### Records shown

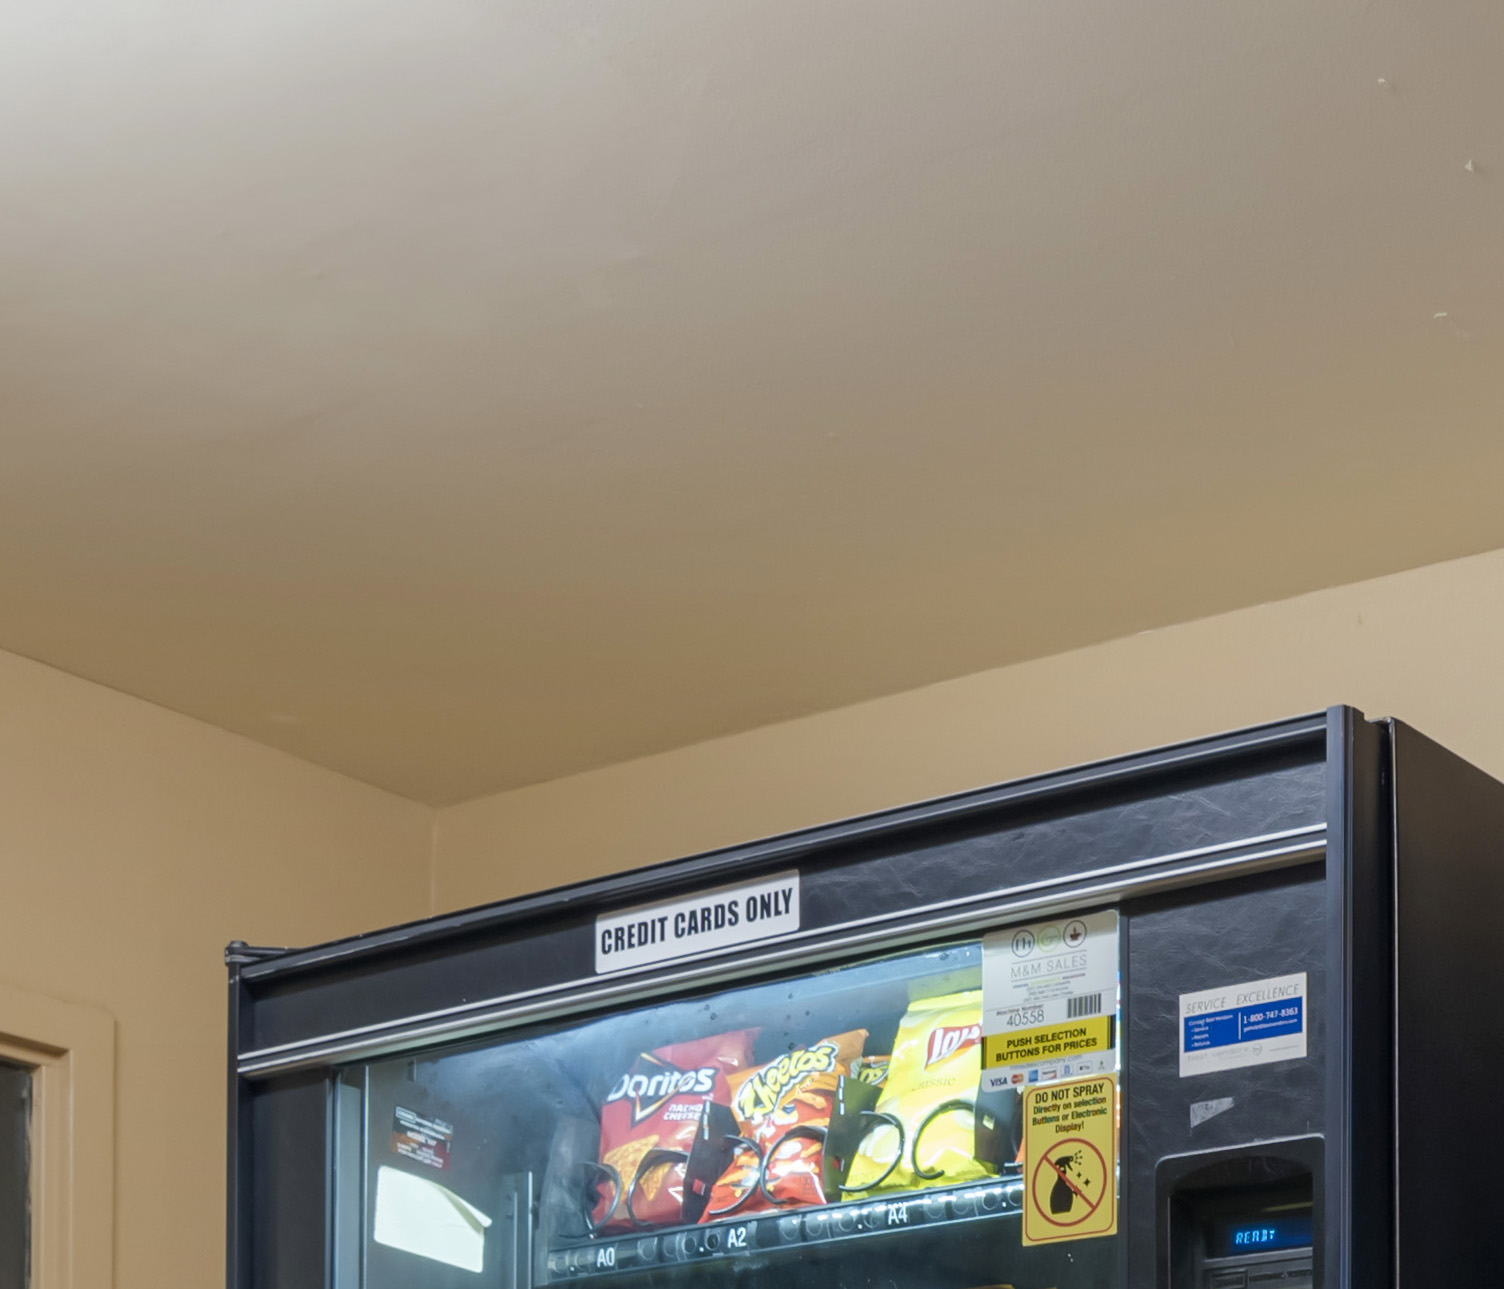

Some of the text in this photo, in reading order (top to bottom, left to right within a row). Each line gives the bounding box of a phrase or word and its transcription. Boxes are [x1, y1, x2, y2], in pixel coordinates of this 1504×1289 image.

[601, 887, 793, 955] CREDIT CARDS ONLY
[1011, 954, 1088, 980] M&M SALES
[1186, 984, 1300, 1015] SERVICE EXCELLENCE
[1006, 1009, 1045, 1027] 40558
[1006, 1027, 1087, 1049] PUSH SELECTION
[996, 1046, 1040, 1062] BUTTONS
[1042, 1043, 1061, 1055] FOR
[1063, 1037, 1098, 1052] PRICES
[607, 1067, 717, 1102] Doritos
[989, 1076, 1008, 1087] VISA
[1035, 1082, 1104, 1104] DO NOT SPRAY
[1032, 1115, 1060, 1126] Buttons
[1071, 1106, 1107, 1120] Electronic
[1033, 1096, 1107, 1115] Directly on selection
[1055, 1120, 1084, 1133] Display!
[887, 1204, 908, 1226] A4
[597, 1248, 615, 1267] A0
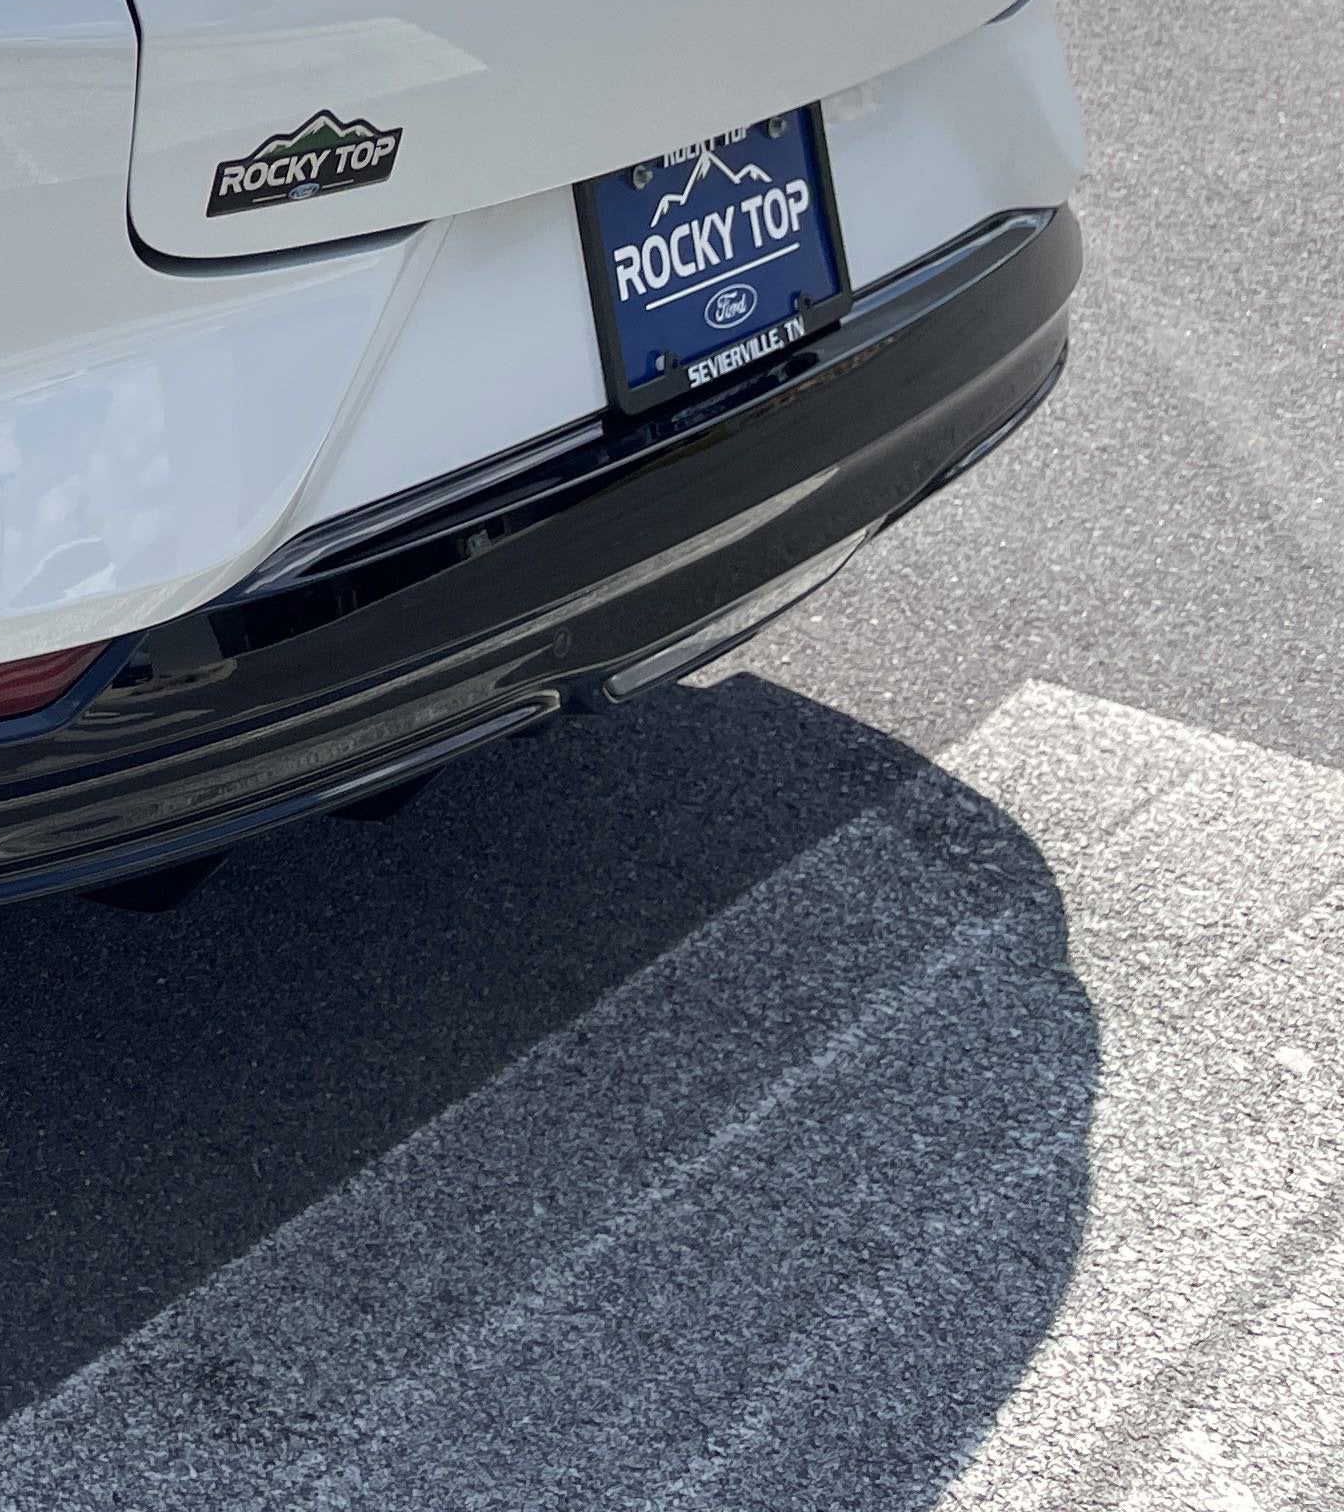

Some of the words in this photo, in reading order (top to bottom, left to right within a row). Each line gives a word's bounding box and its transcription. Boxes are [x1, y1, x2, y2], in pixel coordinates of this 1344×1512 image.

[219, 149, 331, 196] ROCKY
[336, 136, 395, 174] TOP
[614, 205, 735, 301] ROCKY
[741, 178, 810, 248] TOP
[688, 327, 785, 388] SEVIERVILLE,
[784, 315, 805, 342] TN
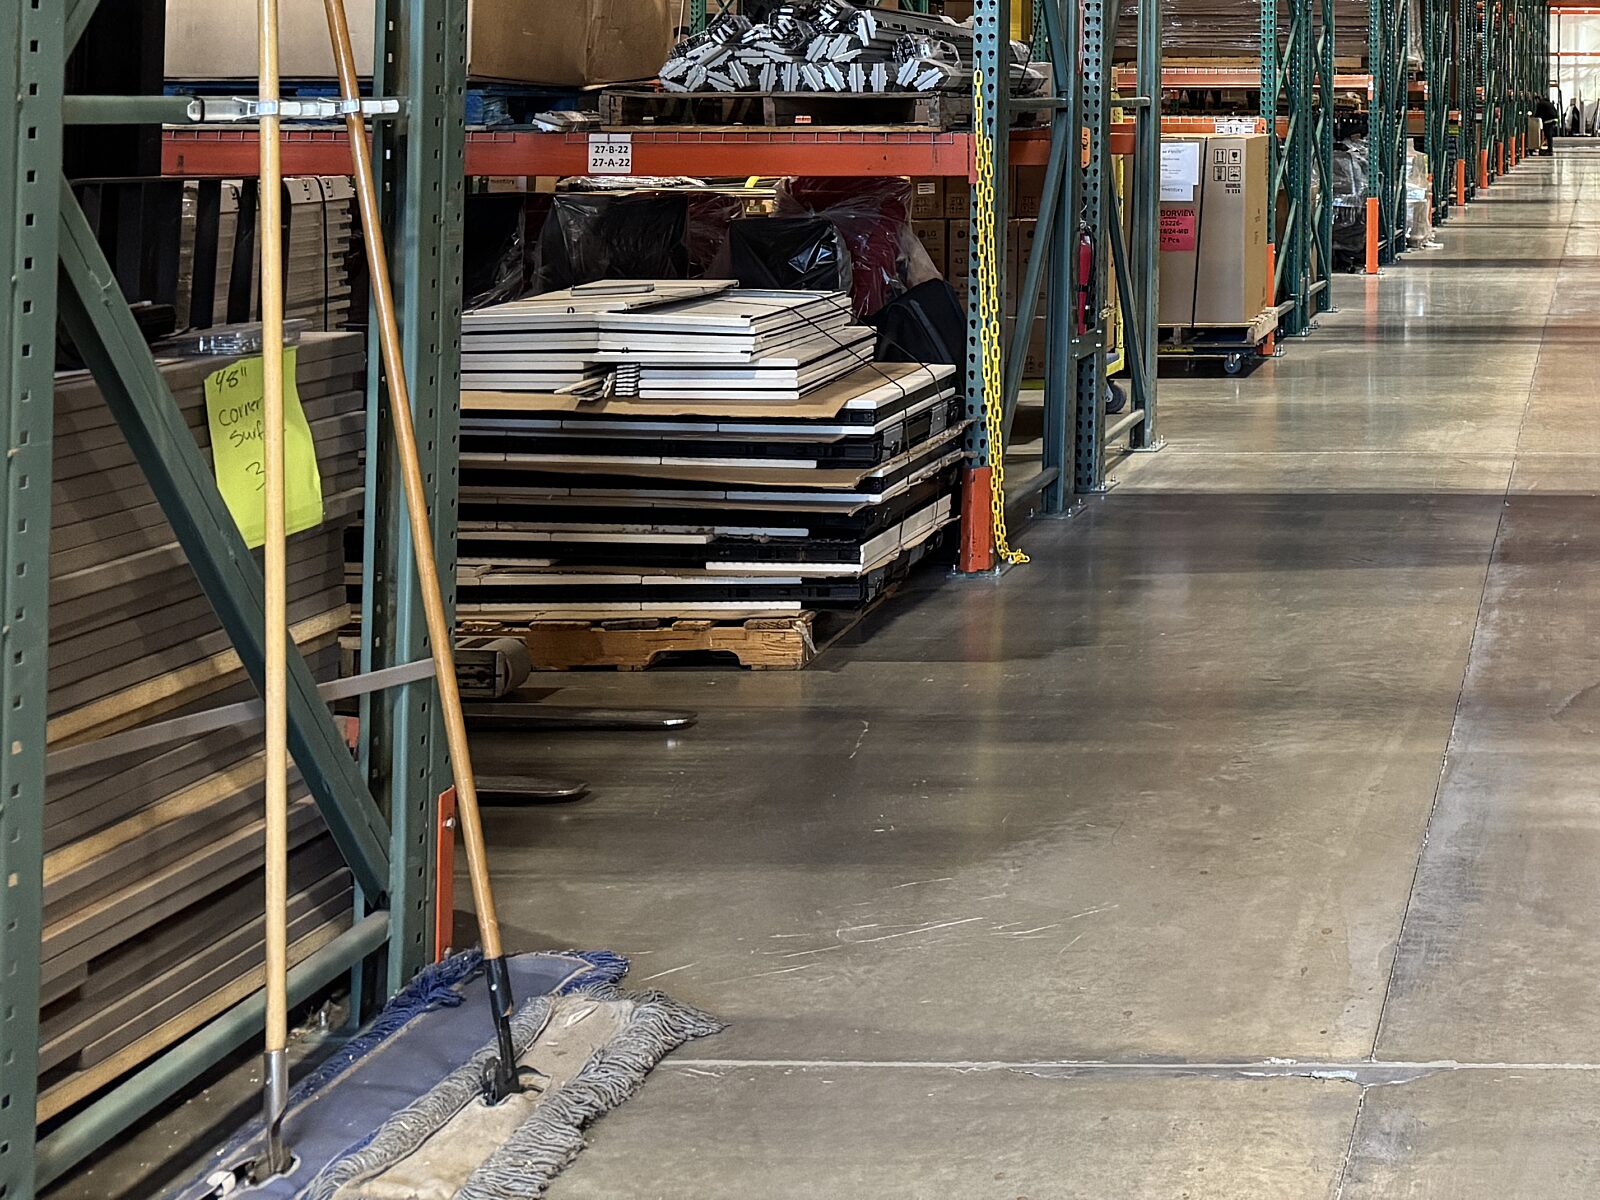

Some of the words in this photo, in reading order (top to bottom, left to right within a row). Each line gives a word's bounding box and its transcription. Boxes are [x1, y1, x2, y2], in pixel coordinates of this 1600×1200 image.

[594, 145, 629, 154] 27-B-22
[592, 158, 630, 167] 27-A-22
[1160, 209, 1195, 217] BORVIEW
[215, 366, 248, 393] 48"
[229, 421, 268, 448] surf
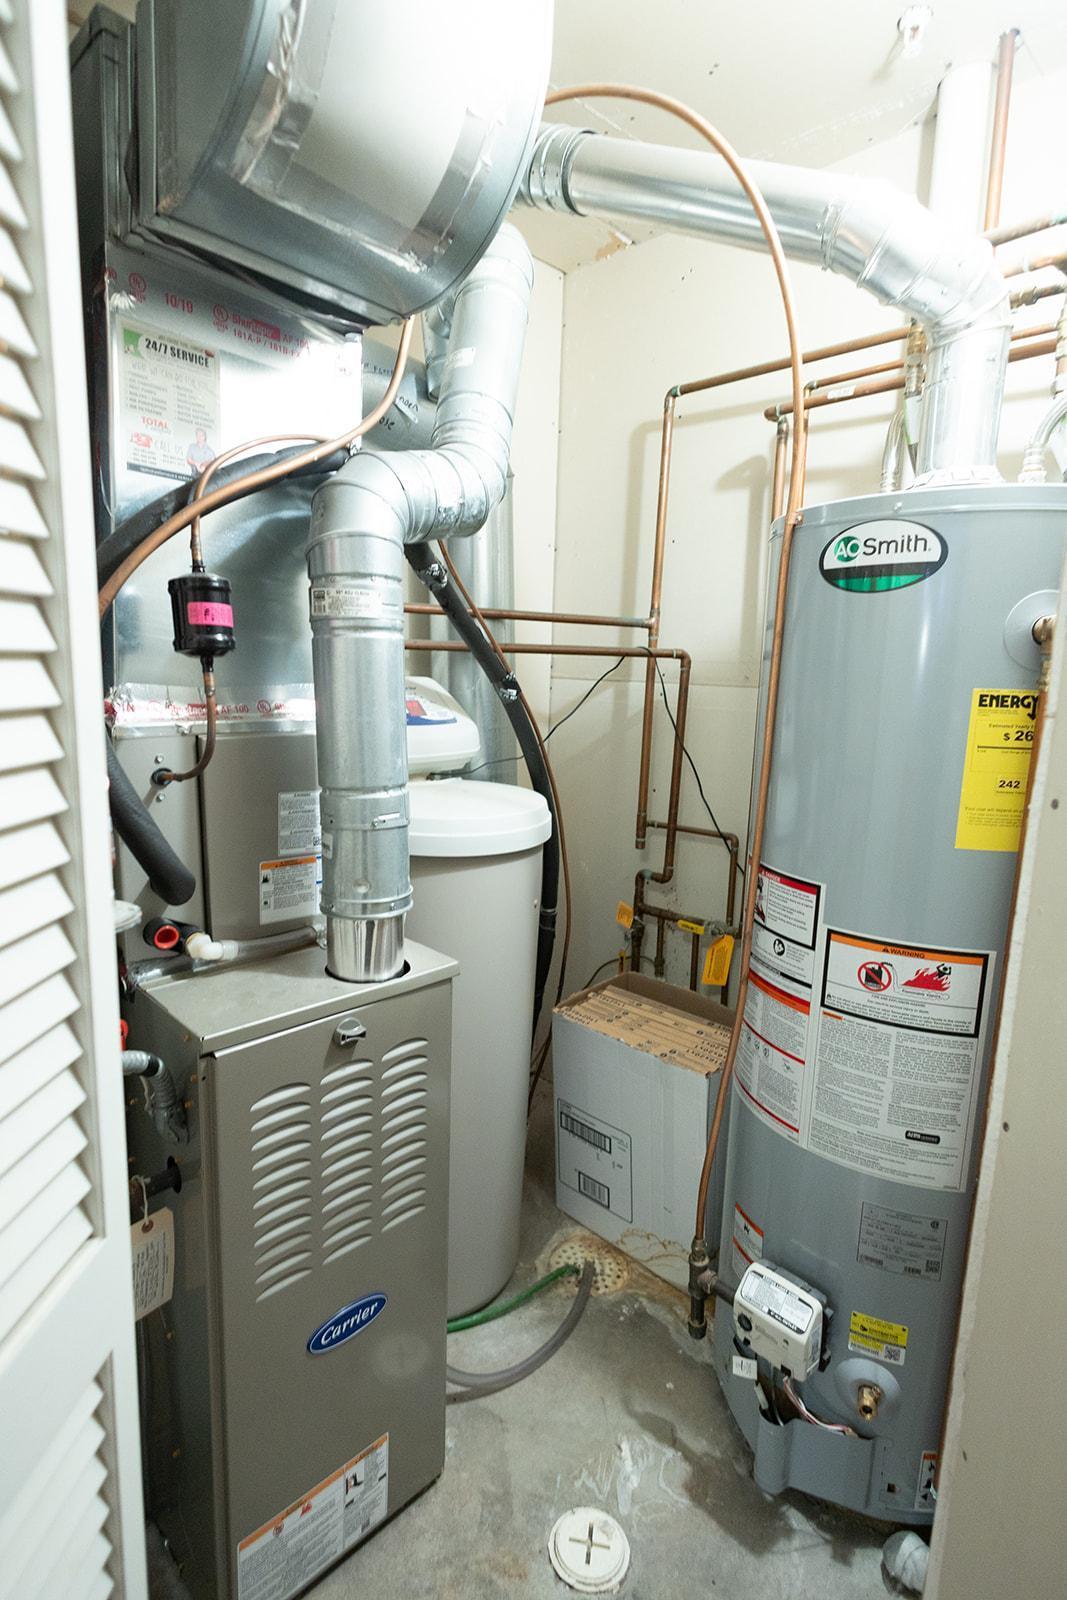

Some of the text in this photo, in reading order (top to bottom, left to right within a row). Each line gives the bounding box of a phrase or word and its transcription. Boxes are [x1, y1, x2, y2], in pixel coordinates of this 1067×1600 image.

[145, 337, 168, 354] 24/7
[170, 345, 209, 368] SERVICE
[141, 416, 168, 429] TOTAL
[862, 534, 928, 556] Smith
[998, 780, 1021, 789] 242
[890, 949, 926, 959] WARNING
[320, 1302, 378, 1346] Carrier

######

| What the exercise asks |
Each record above goes into the copy word for word; the pictures do not.

| Task answer |
Some of the text in this photo, in reading order (top to bottom, left to right within a row). Each line gives the bounding box of a phrase or word and its transcription. Boxes are [x1, y1, x2, y2], in pixel coordinates of this 1504×1289 image.

[601, 887, 793, 955] CREDIT CARDS ONLY
[1011, 954, 1088, 980] M&M SALES
[1186, 984, 1300, 1015] SERVICE EXCELLENCE
[1006, 1009, 1045, 1027] 40558
[1006, 1027, 1087, 1049] PUSH SELECTION
[996, 1046, 1040, 1062] BUTTONS
[1042, 1043, 1061, 1055] FOR
[1063, 1037, 1098, 1052] PRICES
[607, 1067, 717, 1102] Doritos
[989, 1076, 1008, 1087] VISA
[1035, 1082, 1104, 1104] DO NOT SPRAY
[1032, 1115, 1060, 1126] Buttons
[1071, 1106, 1107, 1120] Electronic
[1033, 1096, 1107, 1115] Directly on selection
[1055, 1120, 1084, 1133] Display!
[887, 1204, 908, 1226] A4
[597, 1248, 615, 1267] A0

Some of the words in this photo, in reading order (top to bottom, left to right within a row). Each line gives a word's bounding box and its transcription. Boxes are [x1, y1, x2, y2], in pixel coordinates of this 1344×1512 image.

[219, 149, 331, 196] ROCKY
[336, 136, 395, 174] TOP
[614, 205, 735, 301] ROCKY
[741, 178, 810, 248] TOP
[688, 327, 785, 388] SEVIERVILLE,
[784, 315, 805, 342] TN

Some of the words in this photo, in reading order (top to bottom, left to right within a row). Each line gives a word's bounding box and its transcription. Boxes are [x1, y1, x2, y2], in pixel coordinates of this 1600×1200 image.

[594, 145, 629, 154] 27-B-22
[592, 158, 630, 167] 27-A-22
[1160, 209, 1195, 217] BORVIEW
[215, 366, 248, 393] 48"
[229, 421, 268, 448] surf

Some of the text in this photo, in reading order (top to bottom, left to right within a row). Each line gives the bounding box of a phrase or word and its transcription. Boxes are [x1, y1, x2, y2], in pixel coordinates of this 1067×1600 image.

[145, 337, 168, 354] 24/7
[170, 345, 209, 368] SERVICE
[141, 416, 168, 429] TOTAL
[862, 534, 928, 556] Smith
[998, 780, 1021, 789] 242
[890, 949, 926, 959] WARNING
[320, 1302, 378, 1346] Carrier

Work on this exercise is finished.